Myths About Root Canals and Root Canal Pain
There are many misconceptions surrounding root canal (endodontic) treatment and whether patients experience root canal pain. The American Association of Endodontists wants you to have accurate information. As always, when considering any medical procedure, you should get as much information as you can about all of your options. Your dentist or endodontist can answer many of your questions, and if you still have concerns, it is often wise to seek a second opinion.
Myth #1 Root canal treatment is painful.
Truth: Root canal treatment doesn’t cause pain; it relieves it.
The perception of root canals being painful began decades ago. With modern technology and anesthetics, root canal treatment today is no more uncomfortable than having a filling placed. In fact, a recent survey revealed that patients who have experienced root canal treatment are six times more likely to describe it as “painless” than patients who have not had root canal treatment.
Most patients see their dentist or endodontist when they have a severe toothache. The toothache can be caused by damaged tissues in the tooth. Root canal treatment removes this damaged tissue from the tooth, thereby relieving the pain you feel.
Depending on the degree of inflammation or infection, there may be some post-operative discomfort that your endodontist will often manage with prescribed or over-the-counter medication.
Myth #2 Root canal treatment causes illness.
Truth: There is no valid scientific evidence linking root canal-treated teeth and disease elsewhere in the body. A root canal is a safe and effective procedure. When a severe infection in a tooth requires endodontic treatment, that treatment is designed to eliminate bacteria from the infected root canal, prevent reinfection of the tooth, and save the natural tooth.

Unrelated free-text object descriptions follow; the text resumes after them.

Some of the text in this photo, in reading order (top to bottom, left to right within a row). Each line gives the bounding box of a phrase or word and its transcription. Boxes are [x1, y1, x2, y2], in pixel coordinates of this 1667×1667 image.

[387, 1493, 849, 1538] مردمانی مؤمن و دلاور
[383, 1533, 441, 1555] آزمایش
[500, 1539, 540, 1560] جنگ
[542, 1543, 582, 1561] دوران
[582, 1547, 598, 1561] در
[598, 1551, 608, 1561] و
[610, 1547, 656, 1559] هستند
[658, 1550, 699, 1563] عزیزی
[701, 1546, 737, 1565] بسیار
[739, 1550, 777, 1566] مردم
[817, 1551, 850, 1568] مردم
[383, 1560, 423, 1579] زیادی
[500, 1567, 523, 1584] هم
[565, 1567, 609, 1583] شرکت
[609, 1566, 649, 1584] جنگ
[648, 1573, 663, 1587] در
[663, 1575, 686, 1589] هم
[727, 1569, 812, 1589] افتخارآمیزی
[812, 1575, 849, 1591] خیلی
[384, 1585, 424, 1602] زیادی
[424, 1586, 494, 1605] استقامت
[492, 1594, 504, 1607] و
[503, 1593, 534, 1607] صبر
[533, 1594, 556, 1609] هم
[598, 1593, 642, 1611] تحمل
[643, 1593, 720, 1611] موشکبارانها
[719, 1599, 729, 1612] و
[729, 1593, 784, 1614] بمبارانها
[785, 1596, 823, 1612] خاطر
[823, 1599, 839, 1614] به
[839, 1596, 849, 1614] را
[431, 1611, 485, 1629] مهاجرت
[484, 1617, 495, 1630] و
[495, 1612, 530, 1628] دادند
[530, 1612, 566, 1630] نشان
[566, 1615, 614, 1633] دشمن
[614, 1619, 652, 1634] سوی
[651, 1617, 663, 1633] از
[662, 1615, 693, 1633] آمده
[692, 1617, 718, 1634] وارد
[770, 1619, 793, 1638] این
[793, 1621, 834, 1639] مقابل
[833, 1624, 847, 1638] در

Myth #3 Extraction (pulling the tooth) is A good alternative to root canal treatment
Truth: Saving your natural teeth, if possible, is the very best option.
Nothing can completely replace your natural tooth. An artificial tooth can sometimes cause you to avoid certain foods. Keeping your own teeth is important so that you can continue to enjoy the wide variety of foods necessary to maintain the proper nutrient balance in your diet. If your dentist recommends extraction, ask whether root canal treatment is an option.

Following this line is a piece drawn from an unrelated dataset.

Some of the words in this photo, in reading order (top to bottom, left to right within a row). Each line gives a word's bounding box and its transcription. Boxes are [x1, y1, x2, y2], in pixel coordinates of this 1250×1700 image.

Endodontic treatment, along with an appropriate restoration, is a cost-effective way to treat teeth with damaged pulp and is usually less expensive than extraction and placement of a bridge or an implant.
Endodontic treatment also has a very high success rate. Many root canal-treated teeth last a lifetime.
Placement of a bridge or an implant will require significantly more time in treatment and may result in further procedures to adjacent teeth and supporting tissues.
Millions of healthy endodontically treated teeth serve patients all over the world years after treatment. Those healthy teeth are helping patients chew efficiently, maintain the natural appearance of their smiles, and enhance their enjoyment of life. Through endodontic treatment, endodontists and dentists worldwide enable patients to keep their natural teeth for a lifetime.